(Source records)

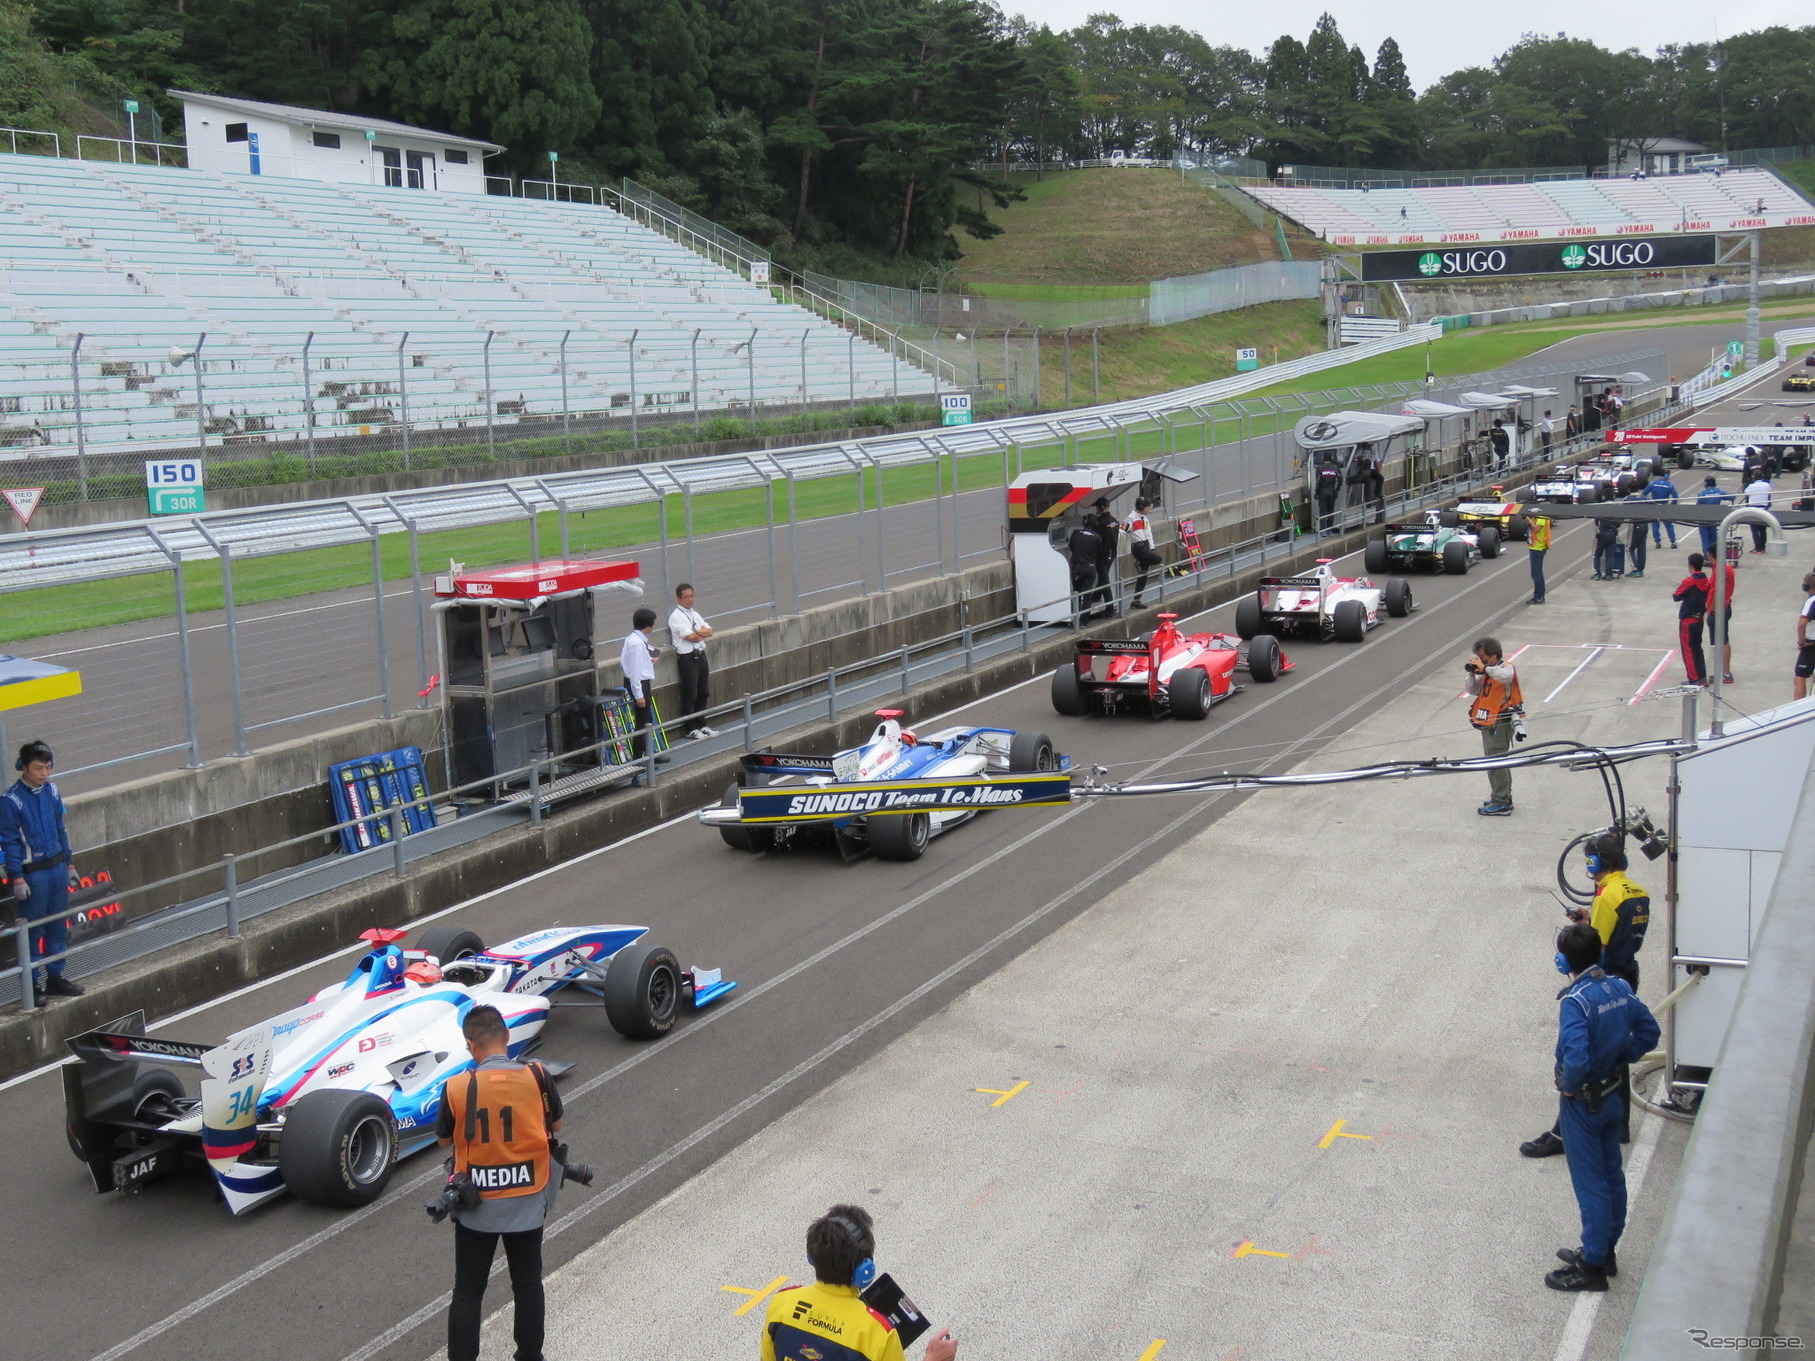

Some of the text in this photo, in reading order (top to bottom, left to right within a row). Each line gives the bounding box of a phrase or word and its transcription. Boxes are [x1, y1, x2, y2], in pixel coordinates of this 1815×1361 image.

[1736, 218, 1767, 228] YAMAHA
[1507, 229, 1539, 239] YAMAHA
[1566, 227, 1597, 236] YAMAHA
[1624, 224, 1655, 234] YAMAHA
[1335, 236, 1355, 244] YAMAHA
[1370, 236, 1388, 244] YAMAHA
[1402, 235, 1424, 243] YAMAHA
[1449, 232, 1480, 242] YAMAHA
[1586, 242, 1654, 267] SUGO
[1442, 249, 1506, 275] SUGO
[1242, 350, 1255, 358] 50
[944, 397, 968, 408] 100
[953, 415, 968, 424] 30R
[1613, 431, 1625, 442] 20
[152, 464, 196, 483] 150
[170, 497, 197, 511] 30R
[1102, 642, 1147, 650] YOKOHAMA
[776, 757, 833, 768] YOKOHAMA
[788, 792, 881, 815] SUNOCO
[879, 790, 938, 810] Team
[785, 826, 797, 837] JAF
[515, 977, 538, 994] TAKATA
[225, 1084, 254, 1125] 34
[476, 1105, 513, 1144] 11
[130, 1156, 157, 1179] JAF
[471, 1164, 531, 1188] MEDIA
[809, 1310, 846, 1327] SUPER
[807, 1316, 843, 1336] FORMULA

(End Source records)

* **Instructions for the task**
Reproduce all of the data exactly; the pictures do not belong in the copy.

* **Result of this task**
Some of the text in this photo, in reading order (top to bottom, left to right within a row). Each line gives the bounding box of a phrase or word and its transcription. Boxes are [x1, y1, x2, y2], in pixel coordinates of this 1815×1361 image.

[1736, 218, 1767, 228] YAMAHA
[1507, 229, 1539, 239] YAMAHA
[1566, 227, 1597, 236] YAMAHA
[1624, 224, 1655, 234] YAMAHA
[1335, 236, 1355, 244] YAMAHA
[1370, 236, 1388, 244] YAMAHA
[1402, 235, 1424, 243] YAMAHA
[1449, 232, 1480, 242] YAMAHA
[1586, 242, 1654, 267] SUGO
[1442, 249, 1506, 275] SUGO
[1242, 350, 1255, 358] 50
[944, 397, 968, 408] 100
[953, 415, 968, 424] 30R
[1613, 431, 1625, 442] 20
[152, 464, 196, 483] 150
[170, 497, 197, 511] 30R
[1102, 642, 1147, 650] YOKOHAMA
[776, 757, 833, 768] YOKOHAMA
[788, 792, 881, 815] SUNOCO
[879, 790, 938, 810] Team
[785, 826, 797, 837] JAF
[515, 977, 538, 994] TAKATA
[225, 1084, 254, 1125] 34
[476, 1105, 513, 1144] 11
[130, 1156, 157, 1179] JAF
[471, 1164, 531, 1188] MEDIA
[809, 1310, 846, 1327] SUPER
[807, 1316, 843, 1336] FORMULA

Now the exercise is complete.